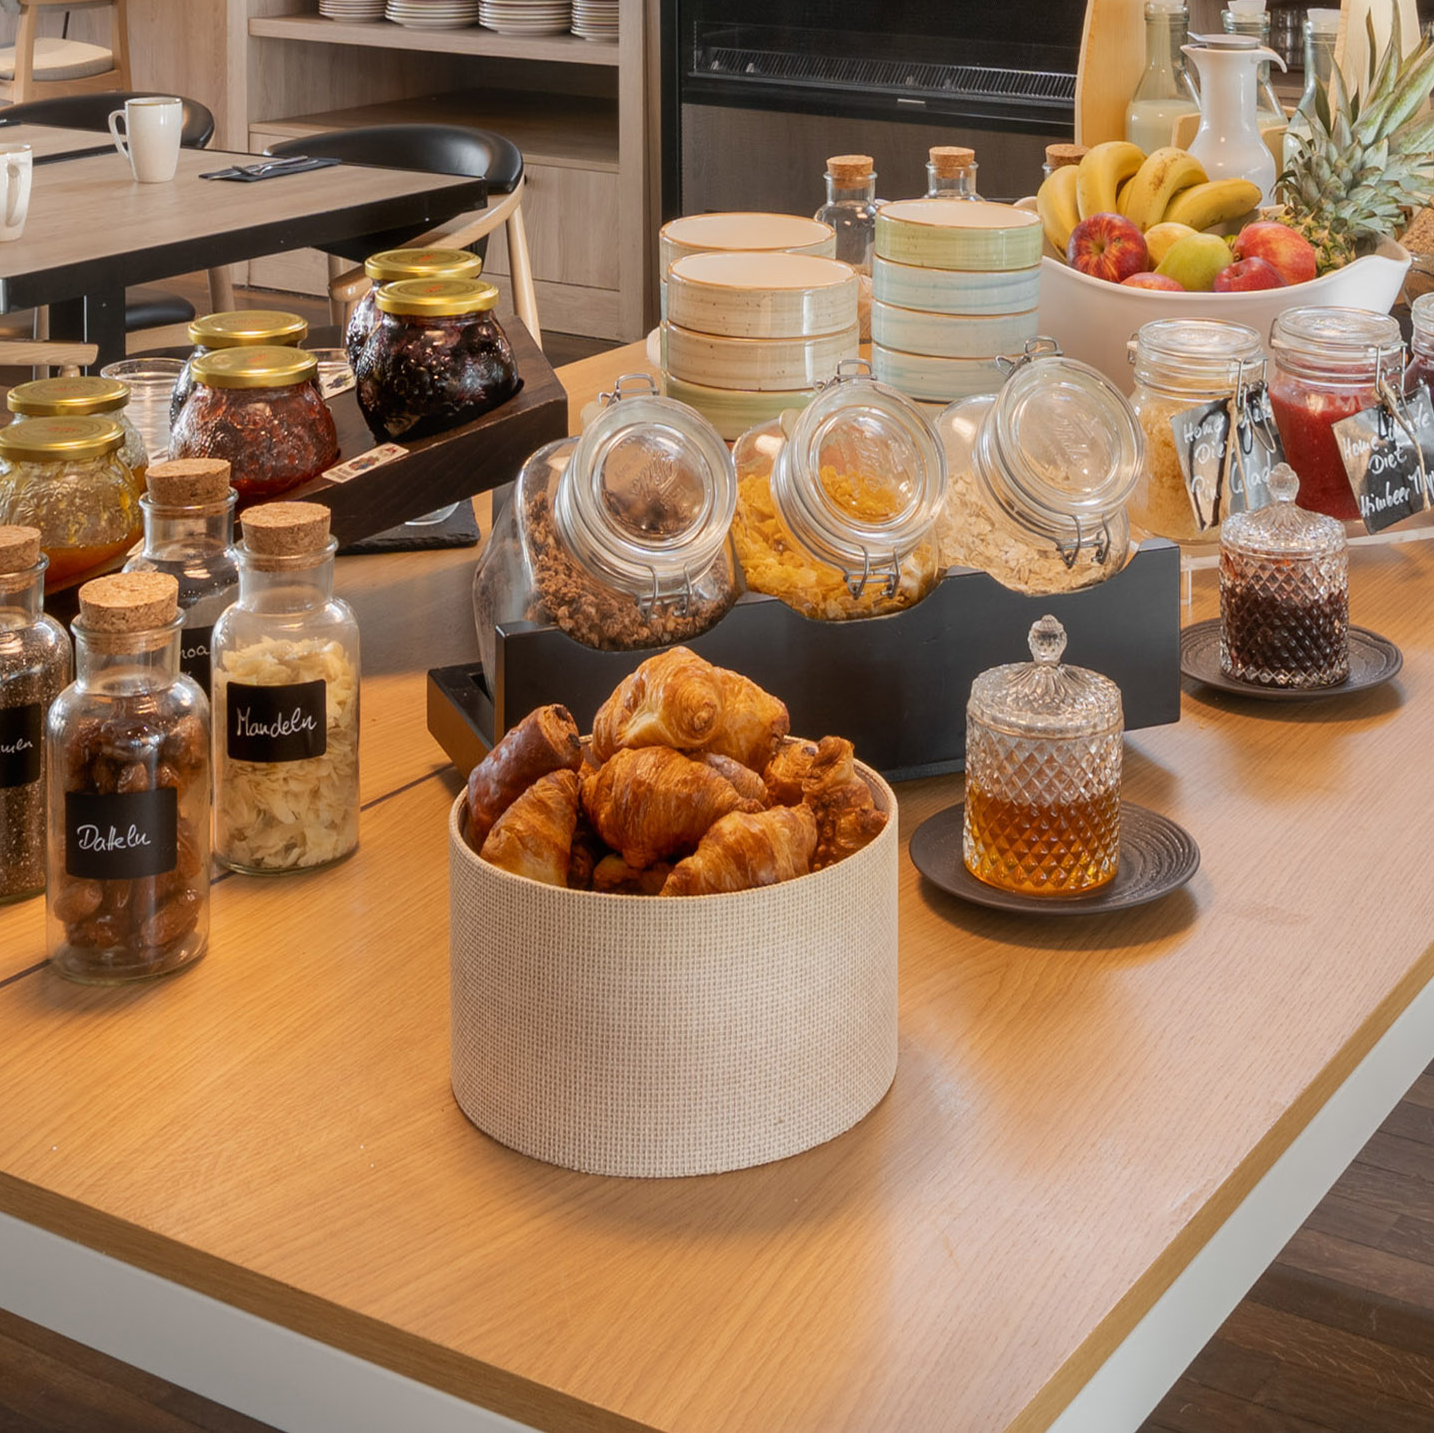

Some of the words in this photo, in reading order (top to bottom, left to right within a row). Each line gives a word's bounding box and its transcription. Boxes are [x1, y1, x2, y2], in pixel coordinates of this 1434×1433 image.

[1368, 446, 1407, 475] Diet
[1360, 481, 1410, 518] Himbeer
[236, 706, 318, 738] Mandeln
[76, 823, 152, 853] Datteln

----

TASK OBJECTIVE →
Since only the text is needed, retype the data above exactly and omit the pictures.

EXPECTED ANSWER →
Some of the words in this photo, in reading order (top to bottom, left to right within a row). Each line gives a word's bounding box and its transcription. Boxes are [x1, y1, x2, y2], in pixel coordinates of this 1434×1433 image.

[1368, 446, 1407, 475] Diet
[1360, 481, 1410, 518] Himbeer
[236, 706, 318, 738] Mandeln
[76, 823, 152, 853] Datteln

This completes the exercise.